During this trip I've been trying to flee Winter by cleverly oscillating north and south depending on the seasons, however I don't think I'll escape the start of Winter here in China. As we got off the train at 7am in Datong our breaths were visible in the crisp morning air (something I haven't seen for some time now) and it's still only September! Datong is probably the largest coal-producing centre in China, with Shanxi province extracting fully one third of the country's 900 million tonnes of the black stuff. You guys may be wondering whether I have suddenly developed a new interest in heavy industry, but in fact Datong is also the site of the incredible Yungang caves. The caves, dating from the 5th and 6th centuries AD stretch along the side of a mountain and are said to contain over 50,000 Buddha statues. OK, most of them are quite small, but a bunch of them stand (or sit) at well over 10m, and some of the caves have even retained their beautiful colours. Not bad after 1500 years and with a huge, ugly coal plant just over the road spewing out its sooty smoke.

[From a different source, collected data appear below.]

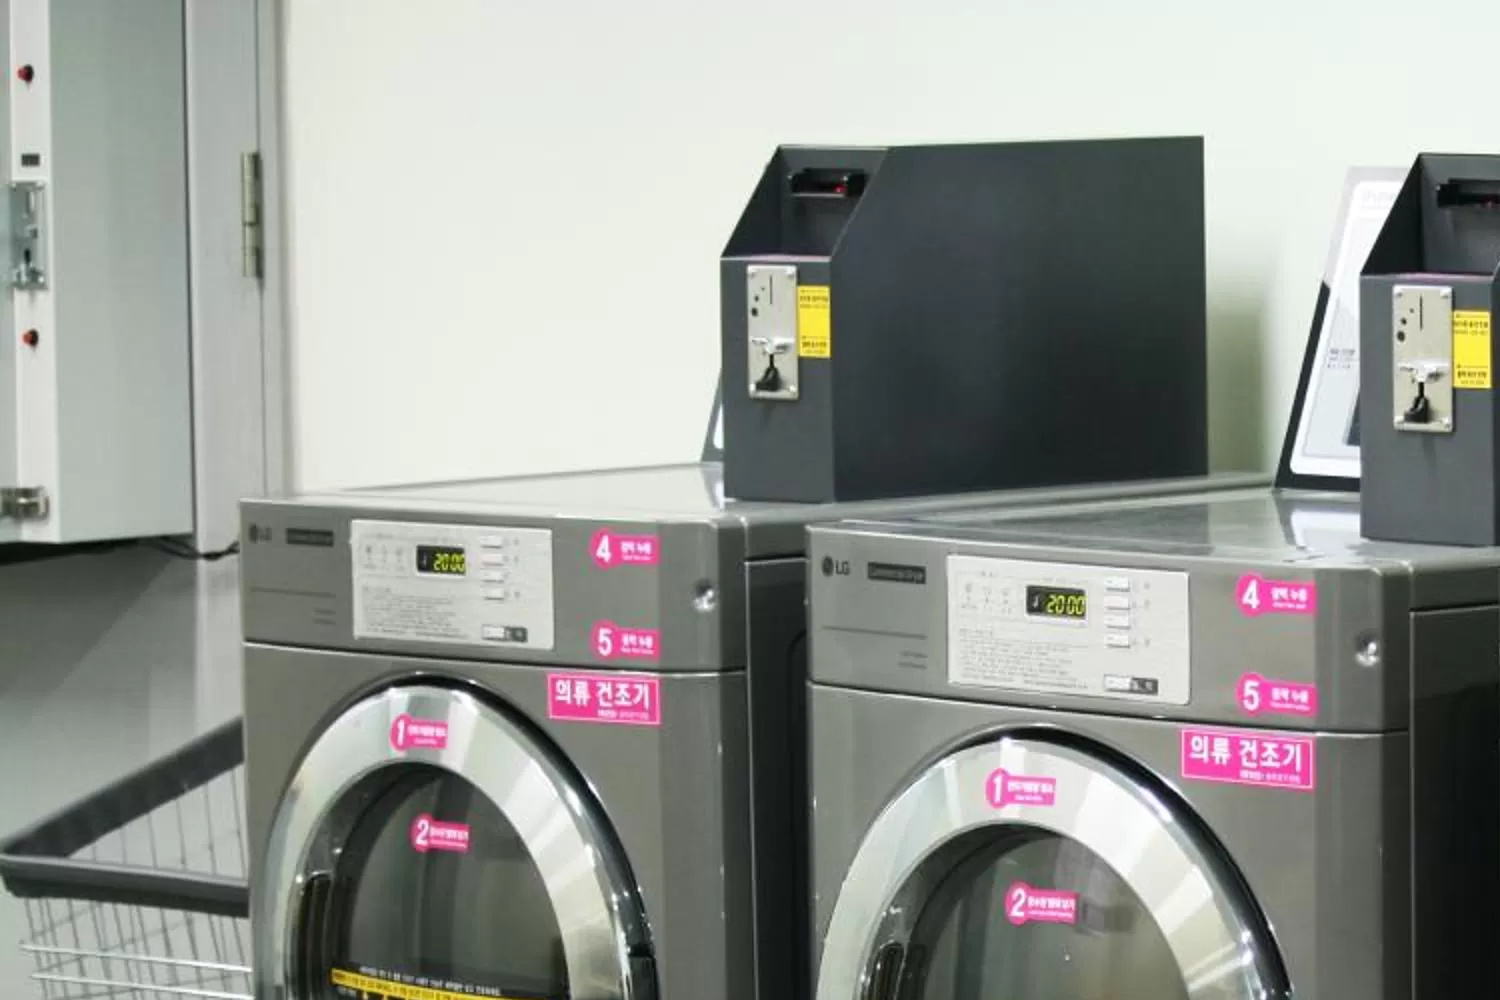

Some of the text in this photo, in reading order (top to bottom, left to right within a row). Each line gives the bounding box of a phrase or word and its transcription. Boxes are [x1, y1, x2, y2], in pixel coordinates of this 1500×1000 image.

[595, 534, 612, 563] 4
[1241, 578, 1261, 610] 4
[597, 627, 613, 656] 5
[555, 678, 650, 711] 의류 건조기
[1243, 680, 1260, 711] 5
[396, 719, 406, 747] 1
[1189, 735, 1302, 773] 의류 건조기
[992, 771, 1003, 804] 1
[415, 819, 430, 847] 2
[1010, 887, 1027, 920] 2

Further south from Datong are a couple of little oddities that I found intriguing. The first was the hanging monastery of Xuankong Si, which manages to somehow defy gravity clamped to the side of a cliff face (see picture). There's also a massive wooden pagoda in the neighbourhood that's almost 1000 years old and supposedly made without using a single nail. It would have been nicer though if they had some information about the place in English, as I'm rather anal when it comes to that sort of stuff.

I also had to baptise my brother to the joys of hiking up Chinese sacred mountains and so took him to Wutai Shan (yes that's right, it's time for another Chinese holy hill, but I'm pretty sure this is my last one for this trip). Unfortunately Mark wussed out half way up the mountain and decided to head back down, though luckily I found myself a friendly Canadian with whom to continue to the top. It's a pity really, as Wutai Shan is unlike any of the mountains I've been up in China because it is almost devoid of the tourist hordes that have marred the other ones. The climb was therefore quite enjoyable and the closest I've got to "nature" here. But the best was reserved for the descent, when I had the clever idea of going down the mountain a different way. I should have learnt by now not to have any bright ideas, but some people never learn I suppose. It started off OK when we toboganned along the grassy slopes, though that stopped when I split my trousers down the crotch! Then we found a dry stream bed that we thought we could follow down to the valley, but that soon became overgrown and impassable. Then we had to plough our way through a dense fir forest, getting absolutely covered in needles in the process, before we eventually got back onto the same path that we had ascended! It was great fun, but now I've got to find myself a tailor to get my trousers fixed.